Two weeks later, in the small hours of the morning, Marian put his new plan into action. Steph had opposed it, of course, but here he was, at 1:59 a.m., in a jewellery store, waiting for Daylight Savings to start. He’d already cut the alarm and jimmied the simple back door. The wall clocked clicked one more minute, and froze, as did the few people and cars outside. He smiled, grabbed a chair, and smashed it into the first display. No alarms. He leisurely worked his way through the cabinets, scooping the jewelry into a backpack, then strolled out the back door and up the alley. By the time the clocks restarted he was in his own bed, on the other side of town.
Steph had not been pleased when he dumped his haul on the table. "I still love you, Marian, but I don’t like what you do in life. This is not you. I can’t watch this train wreck." Within minutes she was packed, and, despite his pleading, gone.
His fellow gang members were more than pleased to learn of his success.. The cops had questioned him, but the cameras were blank and his concierge had seen him coming home at 3 a.m. Even after fencing his haul, Marian still had enough to live the high life. He did look for the bar, to thank his Irish friend, but it was gone.
Life was good, yet, over the summer, as his money dwindled away, and the memory of his exploit faded, his friends gradually drifted off. By the time the Fall clock change approached, he had enough for one last splurge.

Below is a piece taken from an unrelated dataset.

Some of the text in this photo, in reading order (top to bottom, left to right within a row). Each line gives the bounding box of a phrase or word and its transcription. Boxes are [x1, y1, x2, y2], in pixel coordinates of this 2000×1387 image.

According to the wish his Irish friend had promised, he could have a great hour, and then repeat it. Then he’d think about going straight.
Unfortunately, it didn’t quite work that way. One minute he was getting ready to party, and the next minute he was back inside the same jewellery store. But this time there were bars over the windows, the large steel door behind him was locked, and the alarm bell was ringing. The police arrived in minutes, and soon had Marian sitting in a cell downtown.

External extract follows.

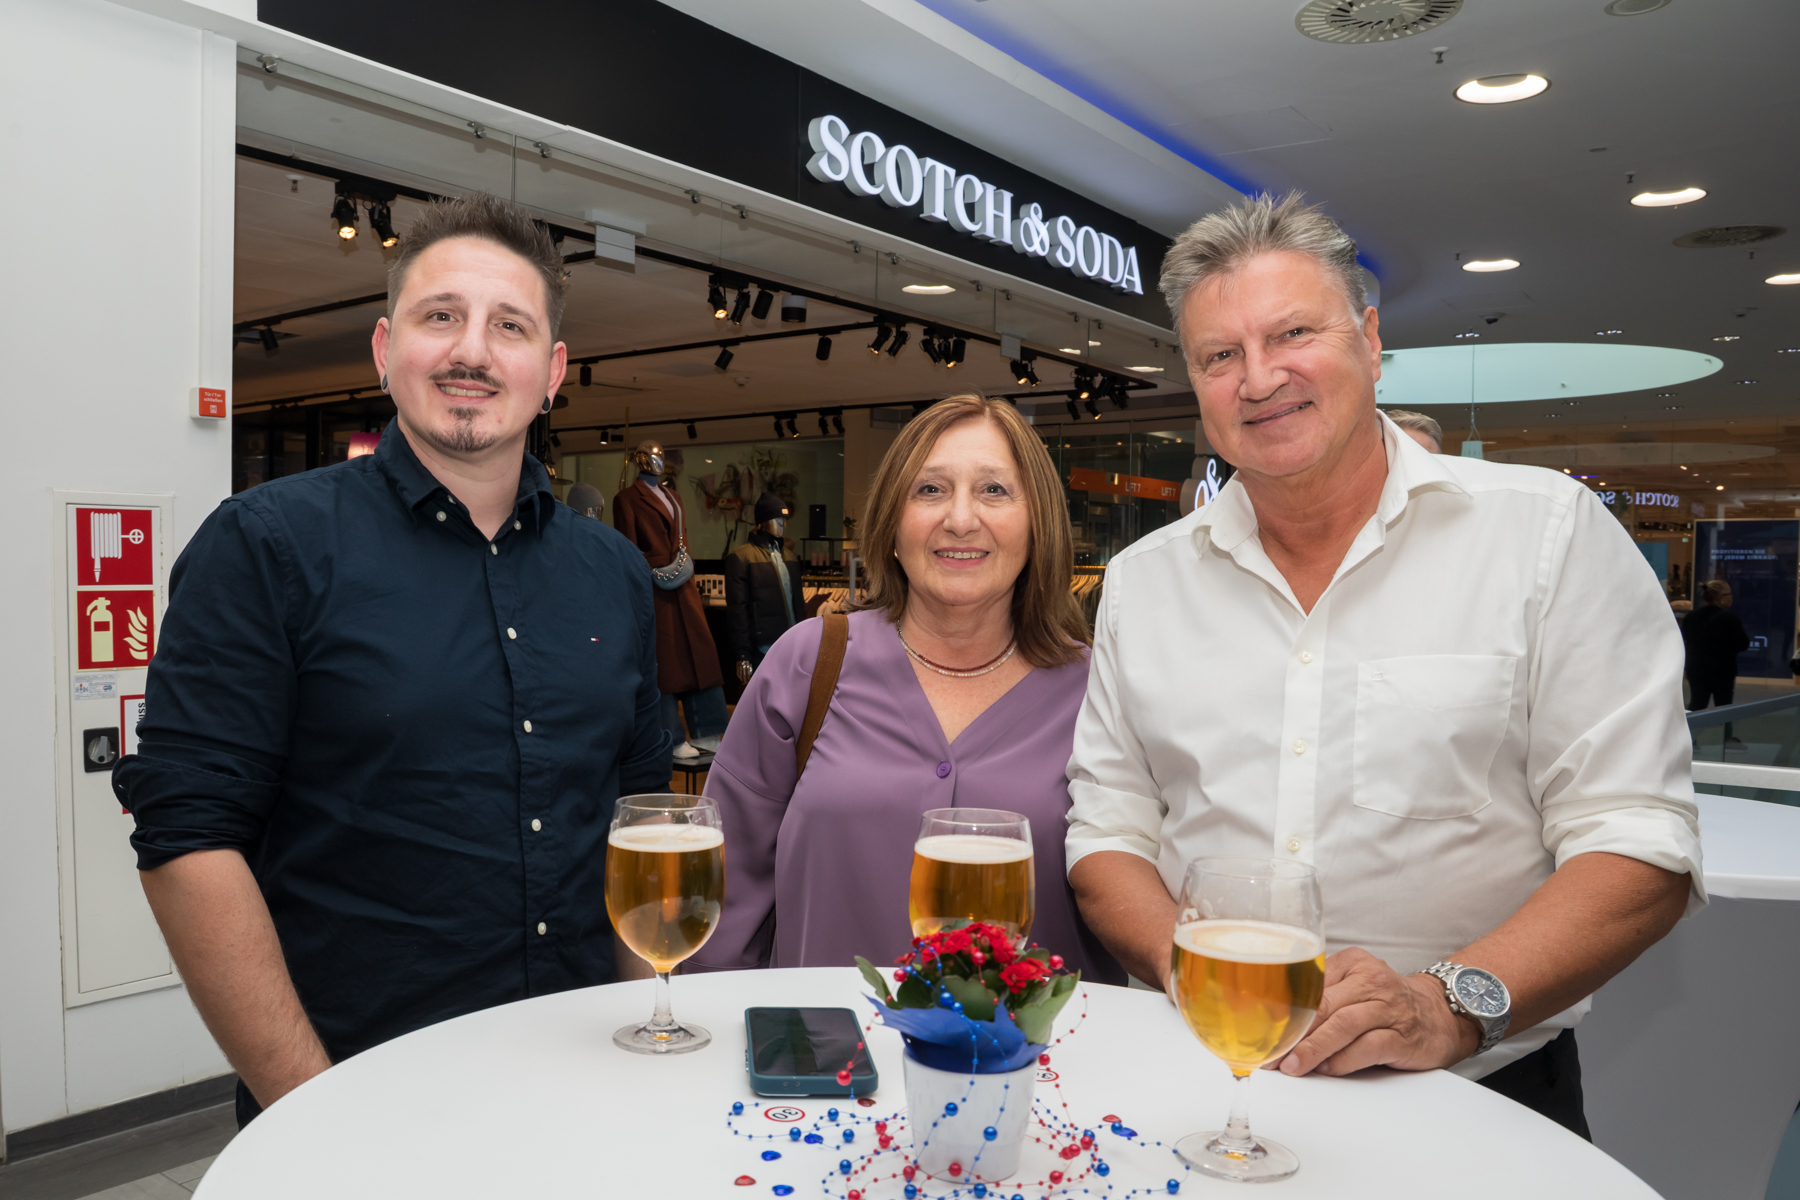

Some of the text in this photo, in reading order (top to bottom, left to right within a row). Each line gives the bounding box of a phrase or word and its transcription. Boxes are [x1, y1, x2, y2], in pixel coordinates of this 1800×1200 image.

He wasn’t expecting to be released the next morning, though. Steph was waiting, with a smile, but an upheld hand. "No hugs yet, okay? I bailed you out, and they are rethinking the charges. Maybe only be for trespassing, not even a break and enter. They seem confused, as am I. Come on, I’ll drive you home."
Just as they turned the last corner, he grabbed her arm, and pointed. "Look, it’s back," he said. "That pub. It closed last spring, but it’s here again. The bartender there gave me the wish, to stop time. I have to go in.."
She frowned, but stopped the car. "Okay, we can drop in. But don’t think you can blame some short little Irish guy for whatever happened. You made your choices, and there are always consequences."
Marian nodded, but he was in fact a little pissed off. He’d been tricked. As they walked in to the same empty, smokey bar, Shameless looked up and smiled.
"Ah here you are. Back for another wish? The old one will keep going, you know, flaws and all. But your choice. A pint while you ponder your future?"
Something in his words made Marian pause.
"I think my wish would be to undo that last one." He turned to Steph. "And maybe think about dreams and consequences."
"Granted," said Shameless. He reached under the counter, lifted up an old gym bag, and placed it onto the bar with a solid clunk. "Consider this an apology and a wedding present. Something toward that house in the suburbs. Sorry about the smelly bag, I seem to have misplaced the traditional iron pot. Still want a drink?"
Steph smiled, but shook her head. "I think we’ll take a rain check on that." She gave Marian a kiss. "I need to get this trouble-maker home."
"No problem," said the bartender. He handed Marian the bag. "Drop in whenever you want to just talk, I’ll be here if you need me."